Portable Active Learning for Object Detection¶

Conference: CVPR 2026 (Highlight)
arXiv: 2605.10349
Code: None
Area: Object Detection / Active Learning
Keywords: Active Learning, Object Detection, Instance Uncertainty, Class Imbalance, Detector-Agnostic

TL;DR¶

PAL proposes an active learning framework that only reads detector inference outputs without modifying internal models or training pipelines. It estimates the probability of each detection being a True Positive (TP) or False Positive (FP) using a lightweight logistic regression classifier based on two features—"pre-NMS box count + confidence"—and uses entropy as the Instance Uncertainty Score (LIUS). This is combined with three image-level signals (GUIDE) for diversity and class-balanced selection. PAL achieves higher detection accuracy with fewer annotations than baselines like PPAL on COCO, VOC, and BDD100K.

Background & Motivation¶

Background: Object detection relies heavily on large-scale box-level annotations. Drawing boxes is both expensive and slow, serving as the primary bottleneck when migrating detectors to new domains or rare classes. Active Learning (AL) aims to select only the "most valuable" images for the oracle (annotator) in each round, approaching full-dataset accuracy with minimal labeling effort.

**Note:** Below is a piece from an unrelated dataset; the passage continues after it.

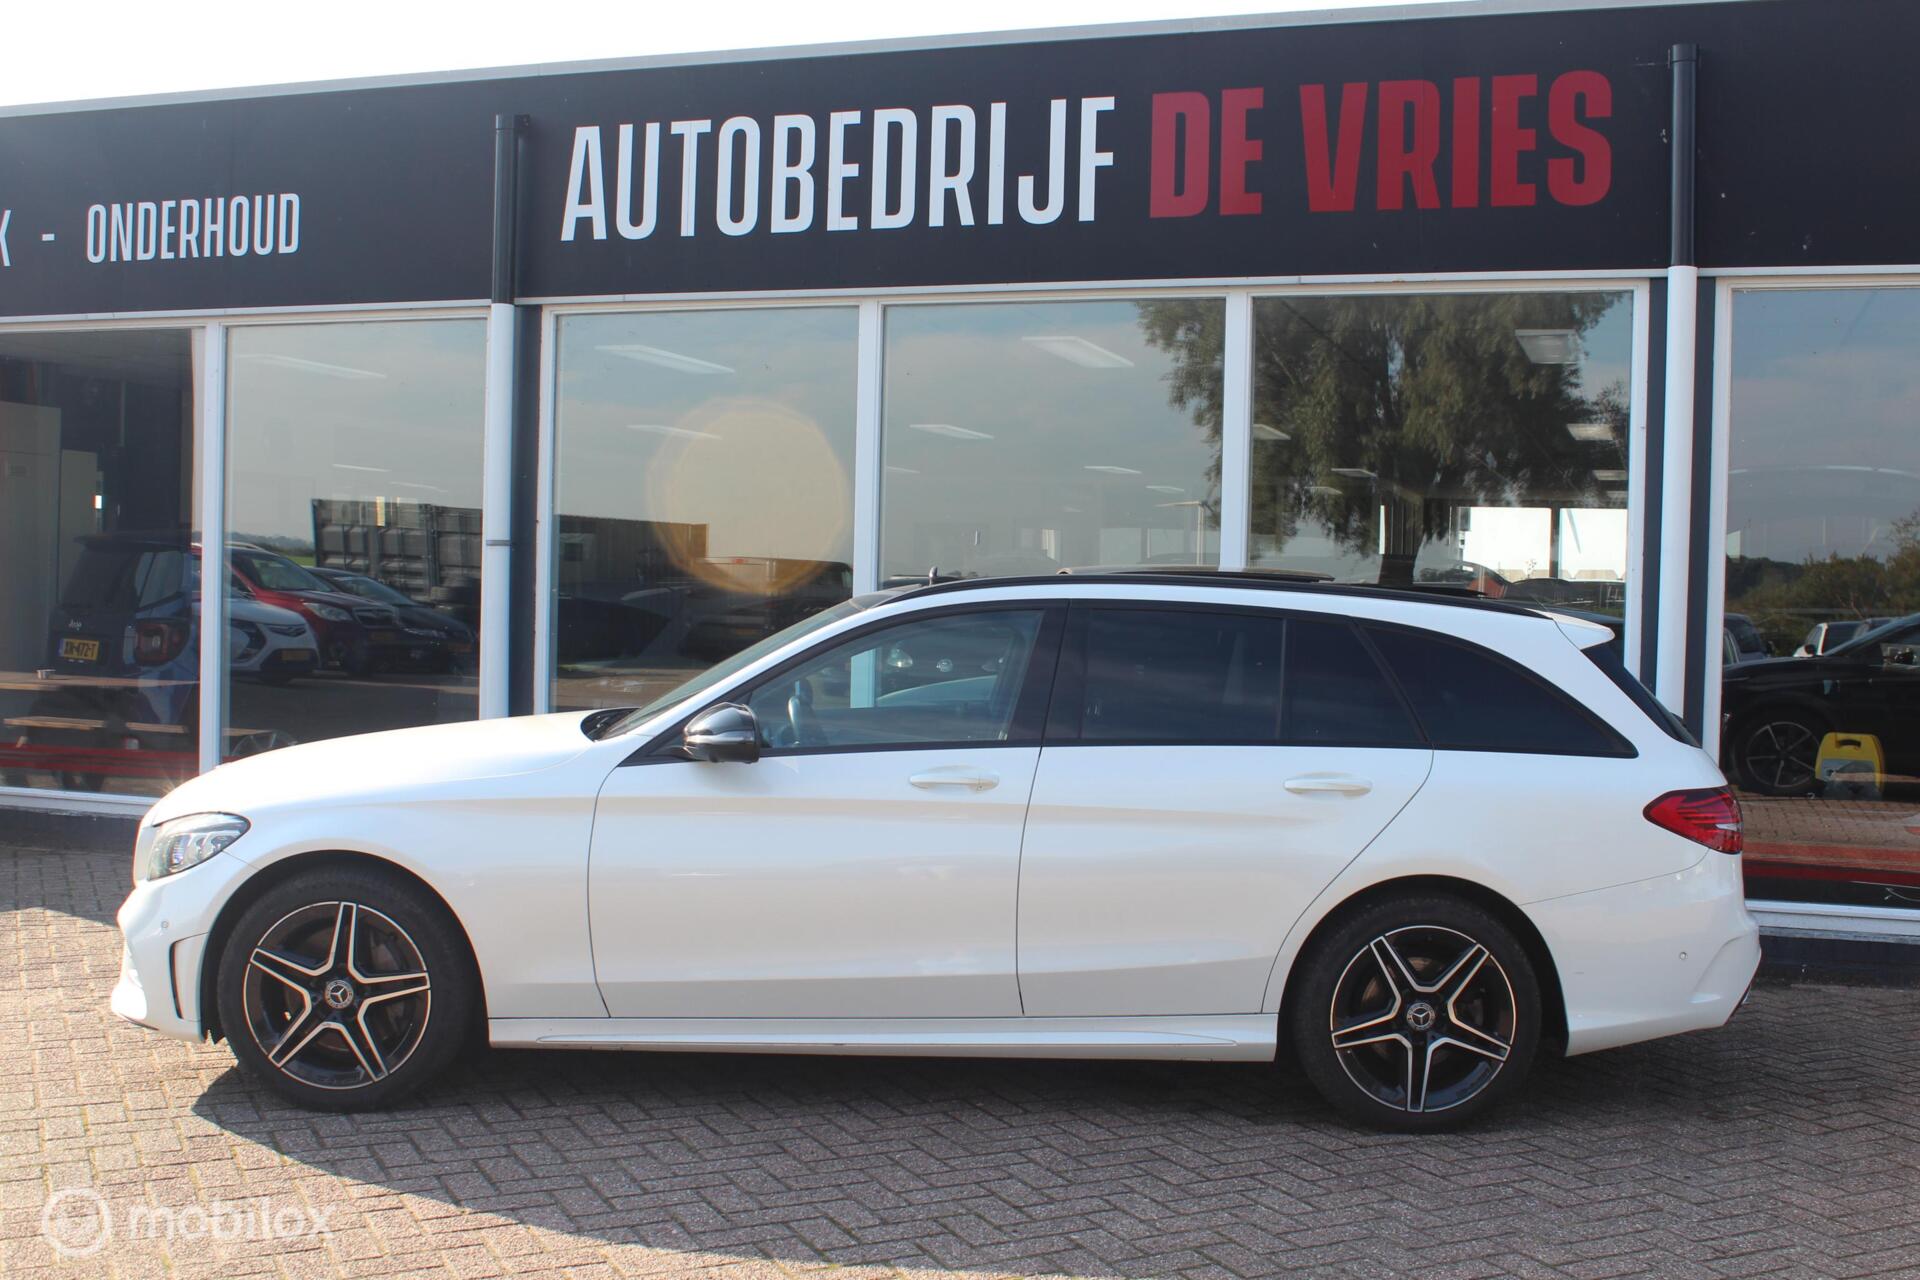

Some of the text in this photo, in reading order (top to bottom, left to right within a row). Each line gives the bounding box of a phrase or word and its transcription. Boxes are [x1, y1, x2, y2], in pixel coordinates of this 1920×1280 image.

Limitations of Prior Work: Most existing AL methods in detection suffer from two issues. First, they are intrusive—methods like LearnLoss, MIAL, and PPAL either add loss prediction modules/adversarial heads to the detector, modify training schedules, or rely on intermediate features (gradients/feature maps). This makes integration costly and limits portability across different detectors. Second, they utilize single-mode signals—pure instance uncertainty methods (MIAL/LearnLoss) rarely combine image-level signals, class imbalance cues, and instance-level uncertainty, leading to batches that are either redundant or concentrated in specific classes.

Key Challenge: To be both "effective and easy to integrate"—the method must be detector-agnostic and non-intrusive (using only inference outputs) while ensuring that sample selection accounts for uncertainty, diversity, and class balance, which typically require deep model access.

Goal: Design a plug-and-play scoring function that depends only on inference outputs for any detector, covering four dimensions: instance uncertainty, image-level informativeness, image diversity, and rare class budgets.

Key Insight: The authors observe that whether a detection is a TP/FP can be distinguished using only two inference by-products: the number of boxes surrounding it during the pre-NMS stage (dense high-confidence clusters usually imply a real object) and its detection confidence. Therefore, instead of touching model internals, a two-dimensional logistic regression can learn the TP/FP decision boundary.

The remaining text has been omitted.